*Instructions for the task*: Repeat the data exactly. Pictures stay out.
===== Input data =====
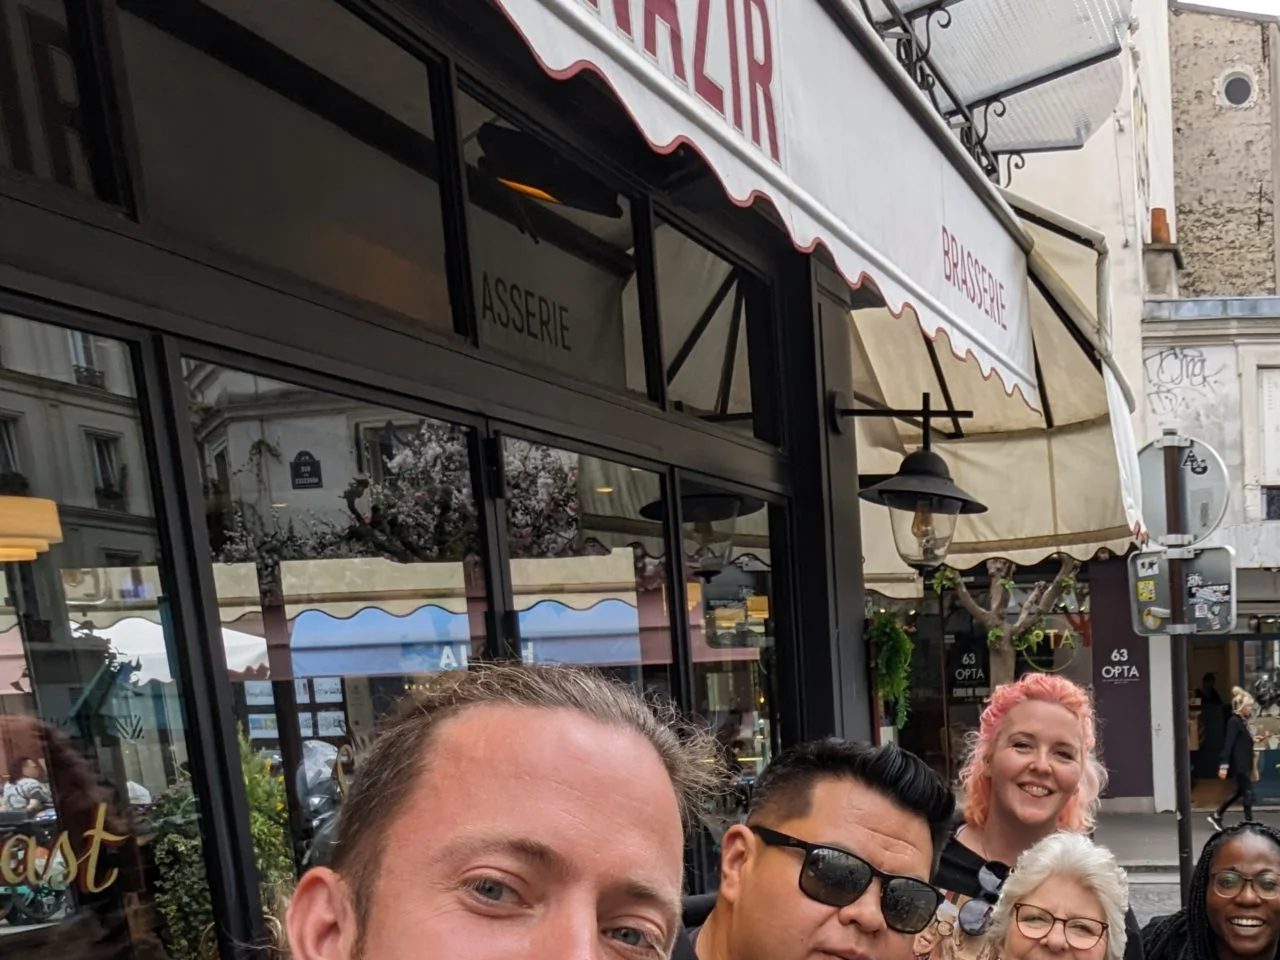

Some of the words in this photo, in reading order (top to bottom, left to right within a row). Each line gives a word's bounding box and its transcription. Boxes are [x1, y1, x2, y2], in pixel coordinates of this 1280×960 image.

[582, 0, 781, 168] AZIR
[942, 225, 1007, 331] BRASSERIE
[482, 271, 571, 351] ASSERIE
[1015, 629, 1075, 651] PTA
[962, 653, 976, 664] 63
[1111, 648, 1129, 661] 63
[955, 668, 985, 680] OPTA
[1102, 665, 1140, 678] OPTA
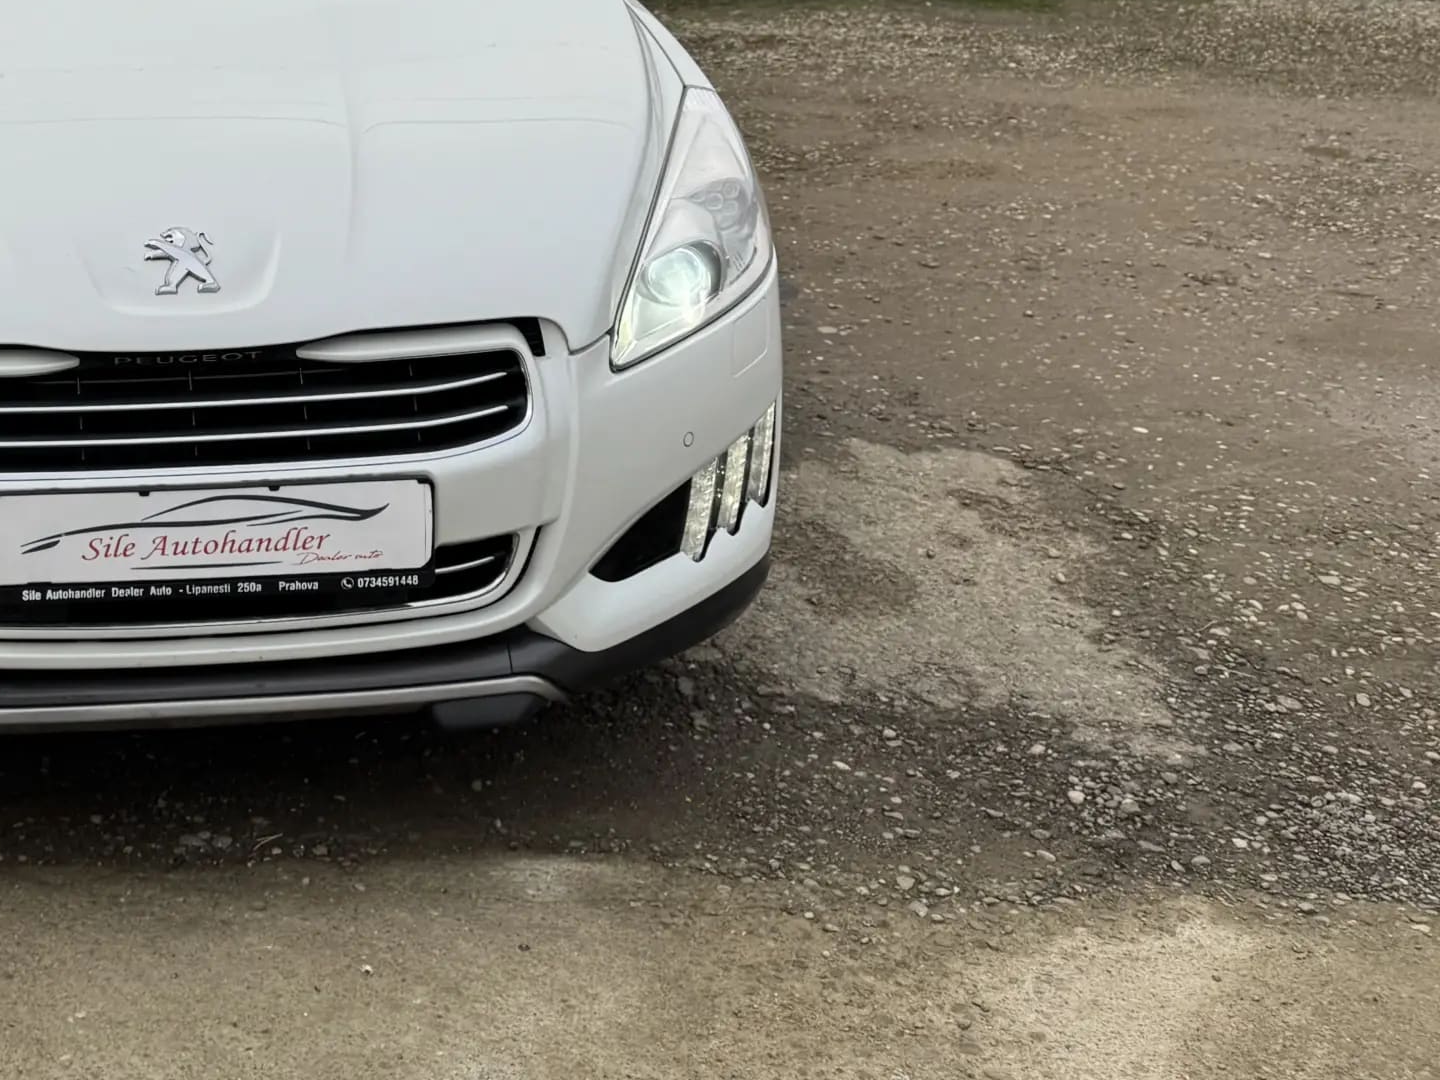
=====
*Task answer*:
Some of the words in this photo, in reading order (top to bottom, left to right within a row). Each line gives a word's bounding box and its transcription. Boxes are [x1, y1, x2, y2], in pixel coordinates of this 1280×960 image.

[582, 0, 781, 168] AZIR
[942, 225, 1007, 331] BRASSERIE
[482, 271, 571, 351] ASSERIE
[1015, 629, 1075, 651] PTA
[962, 653, 976, 664] 63
[1111, 648, 1129, 661] 63
[955, 668, 985, 680] OPTA
[1102, 665, 1140, 678] OPTA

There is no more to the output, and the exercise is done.